Ma lo stesso assessorato regionale per un mese non si era accorto delle dimissioni dell’ultimo presidente del parco, l’avv. Giuseppe Arena. Poi, appena il comitato esecutivo del parco ha inviato all’assessorato regionale il verbale in cui deliberava che, in assenza del presidente, le funzioni sarebbero state svolte dal vice (il sindaco Intelisano) ecco la tempestiva nomina del commissario.
Una vicenda che ha suscitato le critiche dell’opposizione calatabianese che ha puntato il dito con il primo cittadino. «Non ho detto di essere presidente del parco – precisa Intelisano – un atto deliberativo del comitato esecutivo conferisce a me le funzioni di presidente in assenza del presidente che si era dimesso. Atto protocollato, pubblicato e inviato al presidente della regione e all’assessorato regionale territorio e ambiente. Non possiamo nominare un presidente del parco, non è nostra competenza se si vogliono spostare le virgole per dare un messaggio fuorviante non è così».
Chiusa la precisazione, per il resto Intelisano spiega: «Sono a disposizione del commissario, che non conosco e non ha alcuna colpa. Mi auguro che l’assessore regionale Cordaro, in futuro, abbia questa tempestività fulminea nel verificare quali sono le esigenze del parco. Immagino che un presidente si dimetta perché ci sono dei problemi piuttosto seri e immaginavo che, dopo un lungo periodo di commissariamento, di 15 anni, si continuasse con un altro presidente.

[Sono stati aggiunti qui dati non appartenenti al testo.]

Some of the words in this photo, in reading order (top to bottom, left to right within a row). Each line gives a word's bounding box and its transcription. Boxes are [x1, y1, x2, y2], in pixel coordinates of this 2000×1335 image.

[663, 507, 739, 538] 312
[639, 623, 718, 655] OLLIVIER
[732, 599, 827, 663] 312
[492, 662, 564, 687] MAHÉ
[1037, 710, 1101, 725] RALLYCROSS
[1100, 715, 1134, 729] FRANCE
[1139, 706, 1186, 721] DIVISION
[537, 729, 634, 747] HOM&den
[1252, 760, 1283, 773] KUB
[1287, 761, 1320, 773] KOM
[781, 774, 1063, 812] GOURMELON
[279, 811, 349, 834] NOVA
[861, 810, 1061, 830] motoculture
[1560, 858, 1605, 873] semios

L’importante è che si faccia il bene del parco e che si intervenga immediatamente sulla moria dei pesci».
Intelisano assicura collaborazione al commissario ma rivendica una centralità dei sindaci del parco. «Non può essere oggetto di una disputa politica – dice – il parco deve tornare nella gestione di chi conosce il territorio e chi meglio dei sindaci conosce il territorio? A me sta a cuore il funzionamento del parco, che abbia un modello organizzativo coerente, che diventi un’occasione e non un problema, un’opportunità di lavoro e per fare economica a beneficio di tutti i comuni e che il protagonista, il fiume Alcantara, sia maggiormente rispettato».

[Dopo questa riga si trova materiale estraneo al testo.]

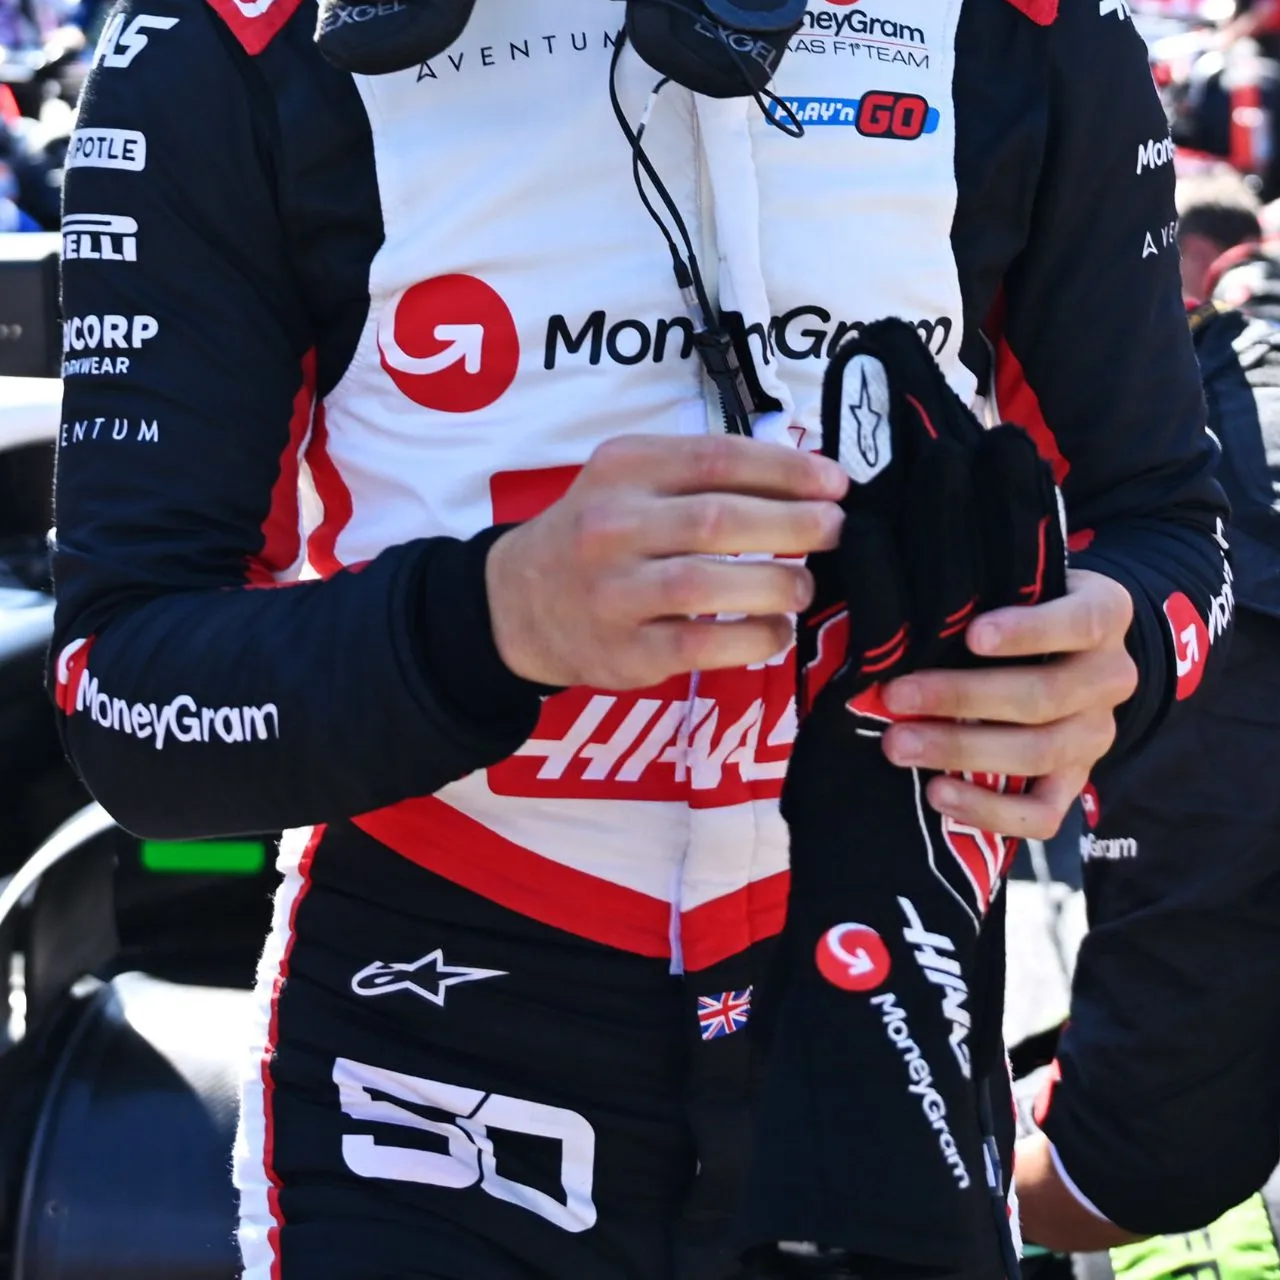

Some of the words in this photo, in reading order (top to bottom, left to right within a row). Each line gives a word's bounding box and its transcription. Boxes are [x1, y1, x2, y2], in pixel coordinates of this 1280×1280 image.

[322, 0, 407, 33] EXGEL
[803, 9, 925, 44] neyGram
[862, 45, 929, 70] TEAM
[858, 93, 926, 137] GO
[74, 135, 138, 162] POTLE
[63, 233, 137, 262] ELLI
[61, 418, 158, 447] ENTUM
[75, 672, 279, 750] MoneyGram
[870, 992, 970, 1190] MoneyGram
[332, 1056, 597, 1233] 50

Intelisano riferisce che tante speranze erano state suscitate dalla nomina dell’avvocato Arena. Il parco attualmente ha una sola guardia parco. Il bilancio a stento arriva a coprire gli stipendi mentre i debiti ammontano a 120mila euro.
Secondo Intelisano lo statuto del parco potrebbe essere modificato e si potrebbe prevedere l’ingresso di altri comuni, il tutto per agevolare la gestione da parte di chi conosce il territorio.

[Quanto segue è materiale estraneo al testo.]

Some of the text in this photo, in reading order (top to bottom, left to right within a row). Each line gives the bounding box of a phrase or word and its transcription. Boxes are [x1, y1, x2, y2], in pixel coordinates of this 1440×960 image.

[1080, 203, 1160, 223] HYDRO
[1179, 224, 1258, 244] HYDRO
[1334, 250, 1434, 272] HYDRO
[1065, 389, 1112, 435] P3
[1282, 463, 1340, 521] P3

Intelisano precisa di non avere mai preso un euro di rimborso spese. «Immagino – aggiunge – che un commissario produrrà delle spese; ma il parco è ridotto ai minimi termini: l’ultima volta che abbiamo convocato il comitato esecutivo sono dovuto uscire dall’ente parco per comprare una risma di carta e delle penne: questa è la situazione in cui versa l’ente parco! Voglio immaginare, convocando i colleghi sindaci, di verificare questa situazione: non voglio passare né per bugiardo, né per qualcuno che ha fatto un atto che non era nelle sue possibilità fare».